Loose unformed connective tissue is developed in all organs and forms their stroma, and is made up of extracellular matrix and collagenous, elastic, and reticular fibers.

Dense connective tissue, by the nature of the arrangement of fibers, is unformed (with a random arrangement of fibers), which is involved in the formation of the reticulate layer of the dermis, periosteum, and epicartilate, and decorated (with an orderly direction of the fibers) – ligaments, tendons, fascia, fibrous membranes.

Connective tissue with specialized properties is represented by mucous, adipose tissue, reticular tissues, blood, and lymph. Despite the external differences between these types of tissues, they all differ in the fantastic constancy of structural elements [5, 6].

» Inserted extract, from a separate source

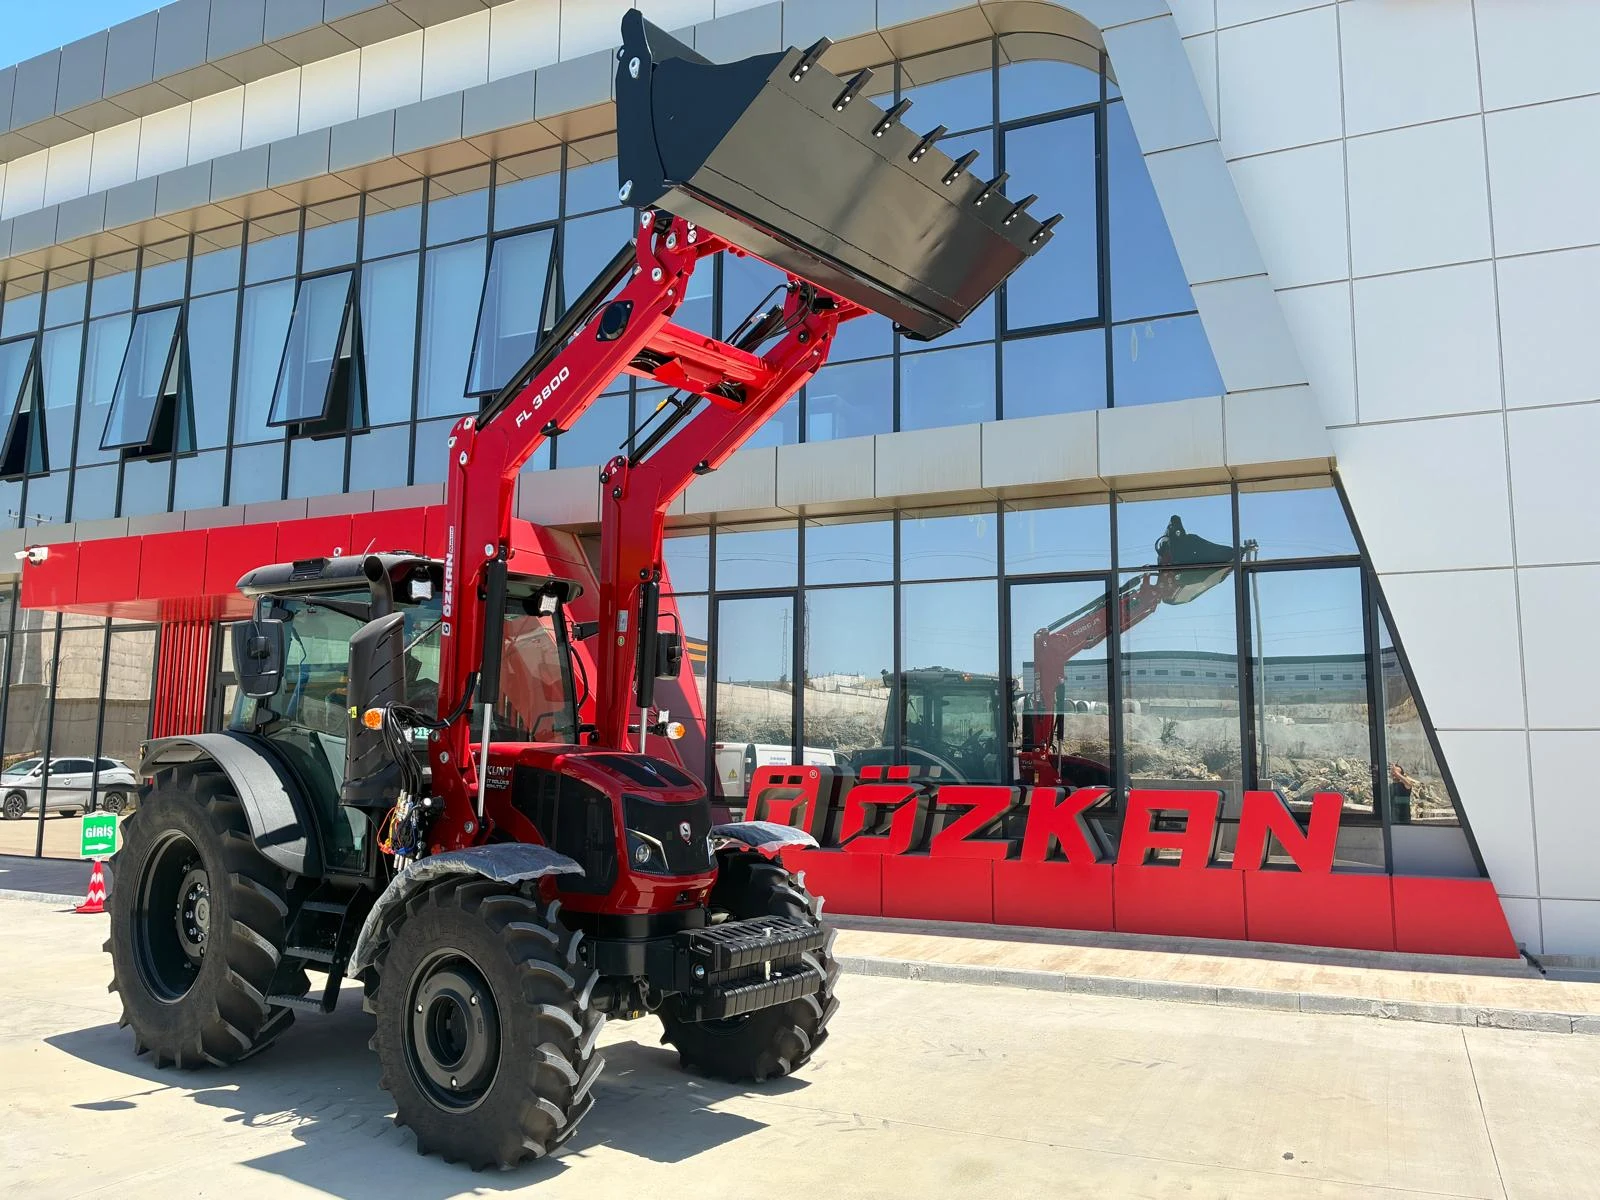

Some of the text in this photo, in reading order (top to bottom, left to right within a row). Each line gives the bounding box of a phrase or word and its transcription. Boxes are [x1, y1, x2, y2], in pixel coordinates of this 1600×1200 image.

[515, 366, 570, 428] FL 3800
[85, 824, 114, 840] GİRİŞ
[840, 764, 1344, 873] ÖZKAN

Connective tissue consists of cellular elements and protein fibers. The major component of the matrix is a ground substance often crisscrossed by protein fibers. Cellular elements are represented by fibroblasts (FB), reticular cells, mast cells, plasma cells, and macrophages [3, 4].

Mast cells are a type of white blood cells located in connective tissue all through the body, they contain many granules rich in histamine and heparin and play an essential role in the allergic reactions of the body.  The fibrous structures of the connective tissue are composed of collagen, elastic and reticular fibers. Cells and fibers are immersed in the ground substance CT, which consists of proteoglycans and glycoproteins, as well as mineral substances: Ca, K, Na, and Mg salts. From the blood plasma, immune antibodies, metabolites, proteins, vitamins, hormones, and ions enter the ground substance.

V. Serov and A. Schechter [7] emphasize that the intercellular substance is an information system that, experiences regulatory influences from the cells of the connective tissue and, in turn, has the same effect on them and the cellular systems of other tissues and organs. Such an interaction is probably based on feedback, which maintains homeostasis in the body, as well as regulates the functions of the connective tissue and changes that occur during pathological processes. All components of the intercellular substance are in a close structural and functional relationship.

The ground substance of the connective tissue is mainly represented by proteoglycans. The core of the proteoglycan molecule is a protein filament to which glycosaminoglycan (GAG) molecules are attached on all sides. GAGs are heteropolysaccharide biopolymers consisting of disaccharide units linked by a glycosidic bond. The functions of GAGs are to ensure the maintenance of constant tissue permeability, water-salt balance, the protective properties of the secretions of the mucous glands, the stabilization of fibrous structures, the regulation of cell division, and the immune response.

There are two types of GAGs: sulfated and non-sulfated. Sulfated GAGs: chondroitin-4-sulfate (x-4-c), chondroitin-6-sulfate (x-6-c), dermatan sulfate, keratan sulfate, and heparan sulfate. Non-sulfated GAGs: hyaluronic acid, chondroitin.

Glycoproteins of the ground substance include fibronectin, chondronectin, laminin, and entactin. Fibronectin, which ensures the interaction of fibroblasts with fibrillar structures, exists in two forms: soluble (circulates in the cerebrospinal and amniotic fluid) and associated with the cell surface. There is a plasma and cellular form of fibronectin, which are products of separate genes. Plasma fibronectin plays an essential role in phagocytosis, carries out humoral control of the function of macrophages, and is an opsonization factor [3, 4, 8].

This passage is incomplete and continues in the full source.